Esta crítica a Spivak, sobre la defensa del intelectual,  y de la literatura, es también un reparo que hace a Beatriz Sarlo.
 

Sí y no. Sarlo, y toda un grupo de intelectuales en América Latina,  que es también parte de mi generación, están evolucionando hacia una dirección que yo llamara “neoconservadora”. Sarlo no es propiamente una pensadora conservadora en un sentido tradicional.  Más  bien, está o estaba identificada plenamente con la  izquierda, y todavía  se piensa  a sí misma  como parte de la izquierda.  Esta paradoja –ser de izquierda pero optar por una posición intelectual-cultural más conservadora– tiene que ver con  los efectos tan poderosos en las sociedades latinoamericanas de las políticas neoliberales, sobretodo en la educación y en las universidades con las privatizaciones de estas instituciones, y el desfinanciamiento de las universidades públicas, la fuerza arrasadora de la cultura de masas globalizada, la descomposición de estamentos culturales tradicionales… Todo eso  ha puesto en crisis la autoridad de lo que Gramsci llamaba el  intelectual tradicional. El giro neoconservador es una respuesta a esta crisis, una reterritorialización de la ciudad letrada latinoamericana, si se quiere.

Y que no deja de ser una lógica elitista.


Exactamente. Sarlon hace estudios culturales,  pero lo  hace desde las perspectivas de las Escuela de Frankfurt: "Voy a estudiar las formas de cultura nueva, inducida por el neoliberalismo en Argentina", dice en efecto, pero desde una perspectiva de desprecio. En su libro Escenas de la vida postmoderna, hay capítulos  sobre la cirugía plástica, los juegos electrónicos,  el video clip, pero son modalidades que ella desprecia. Uno puede tener una relación ambigua con esos fenómenos de la cultura popular o de masas, y hablar de reificación, consumismo, etc., pero, como dije al principio de esta conversación, mi generación, por lo menos en Estados Unidos, no despreciaba la cultura popular.  Más bien participamos en ella como consumidores ávidos. Sarlo  piensa como pensaba la Escuela de Frankfurt: que la resistencia a la lógica del capitalismo solo puede venir desde un extrañamiento de la sensibilidad con respecto a  la lógica de consumo. Y ese extrañamiento solo se puede producir por un arte muy vanguardista, que rompe los esquemas normales de percepción y que obliga al espectador a una experiencia disonante, inconmensurable.  Sarlo traduce de la estética del formalismo ruso la idea de que el acto creativo es un extrañamiento.  El costo, me parece, es que ella tiene que desasociar la situación del intelectual  letrado de la situación de los intereses populares. De esa forma, sin proponer  esto,   termina  en efecto reproduciendo  la famosa dicotomía entre civilización / barbarie de  Sarmiento y  el liberalismo decimonónico argentino. Ella está por la civilización y encuentra al pueblo tonto, de mal gusto, en la situación de barbarie.
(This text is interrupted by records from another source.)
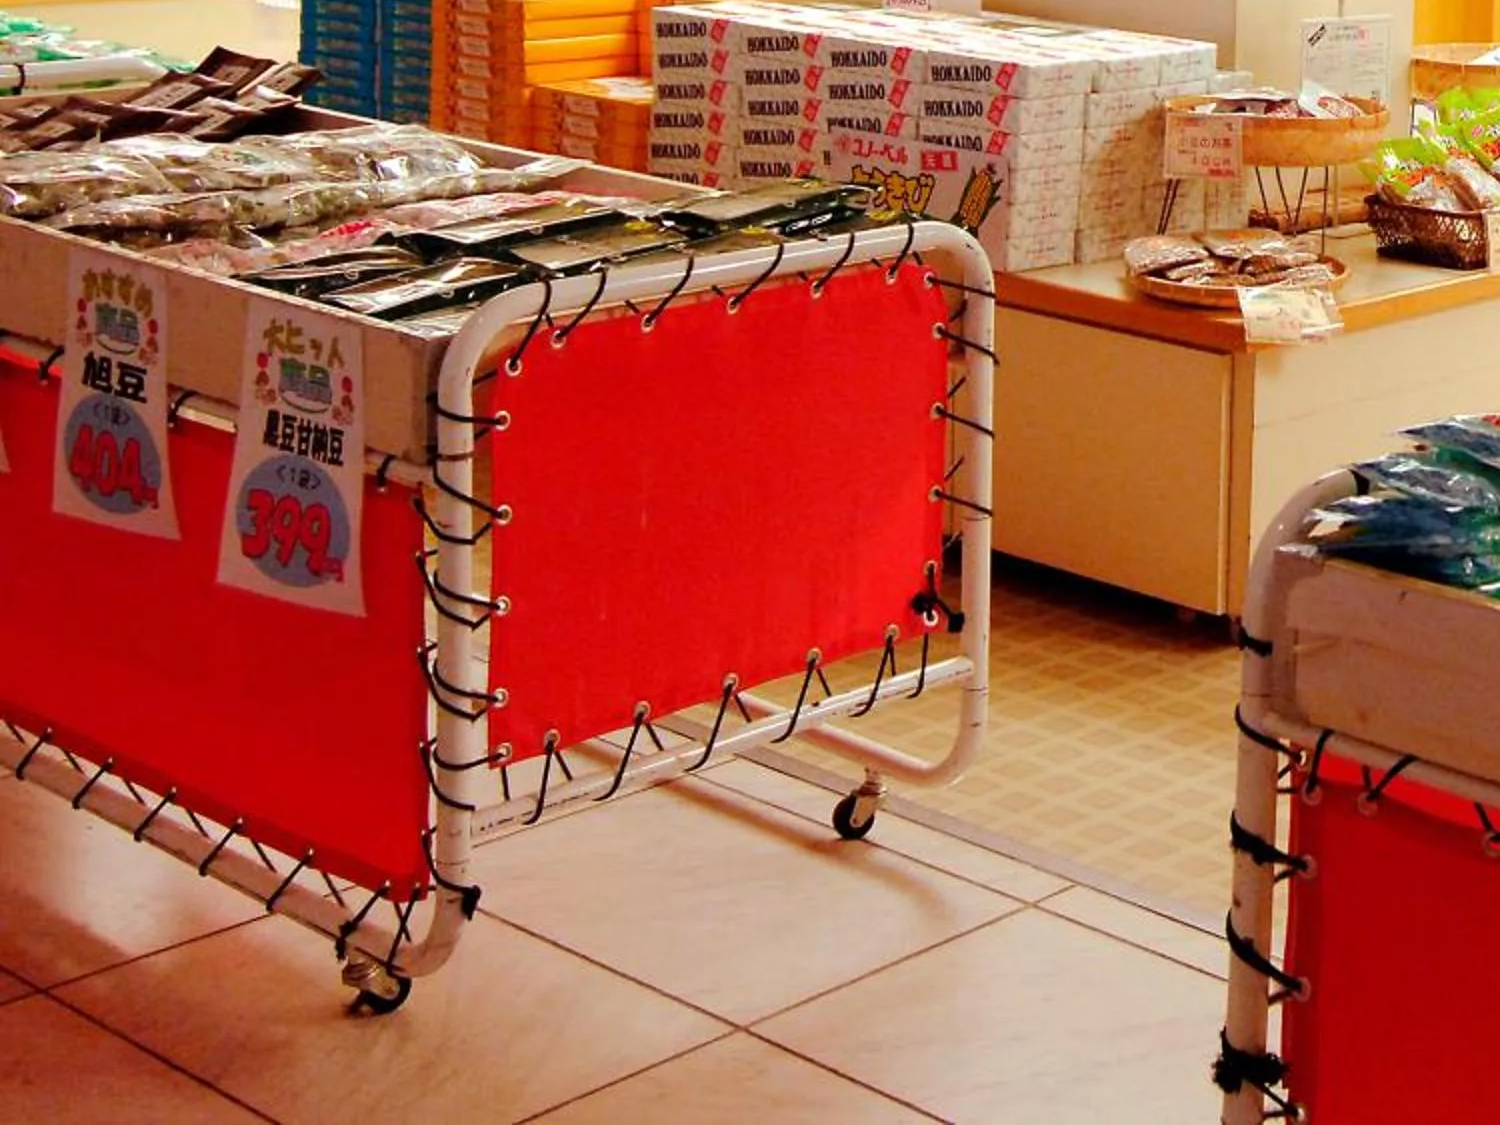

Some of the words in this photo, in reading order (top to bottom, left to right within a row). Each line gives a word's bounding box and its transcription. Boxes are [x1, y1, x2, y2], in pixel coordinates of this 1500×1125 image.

[655, 20, 708, 38] HOKKAIDO
[748, 36, 800, 53] HOKKAIDO
[659, 51, 709, 69] HOKKAIDO
[830, 50, 887, 68] HOKKAIDO
[744, 68, 801, 86] HOKKAIDO
[931, 65, 992, 83] HOKKAIDO
[658, 83, 706, 100] HOKKAIDO
[828, 83, 885, 100] HOKKAIDO
[748, 100, 800, 116] HOKKAIDO
[924, 99, 983, 118] HOKKAIDO
[653, 112, 705, 129] HOKKAIDO
[743, 129, 796, 146] HOKKAIDO
[651, 142, 702, 160] HOKKAIDO
[81, 351, 148, 404] 旭豆
Spivak tiene una relación más complicada con la cuestión de lo popular; ella es al fin y al cabo subalternista.  No creo que pueda encajar en una posición neoconservadora, aunque defienda la literatura. 

Usted está en contra, a favor del intelectual ¿cuál sería el replanteamiento necesario que debiera hacerse sobre la función del intelectual?

Yo comencé en la literatura, era lo que me gustaba, me gustaba la idea de ser un crítico literario, me captó esa idea más que la de ser un novelista. Era evidentemente por la influencia de escritores como Walter Benjamin, y tenía además buenos modelos, uno de mis profesores fue Fredric Jameson. Pero como se ha notado,  los estudios culturales y los estudios subalternos son una crítica, desde otra perspectiva, de la normatividad literaria. Comencé mi carrera como gongorista, con un trabajo sobre Las Soledades, así que mis credenciales formalistas,  vanguardistas, están evidentes. Pero entonces viene esta época un poco de rechazo de la literatura o de cuestionar la literatura, y la forma más  directa de hacer esto  fue el segundo eje de mi carrera crítica, casi totalmente opuesta a la primera, y que es el testimonio.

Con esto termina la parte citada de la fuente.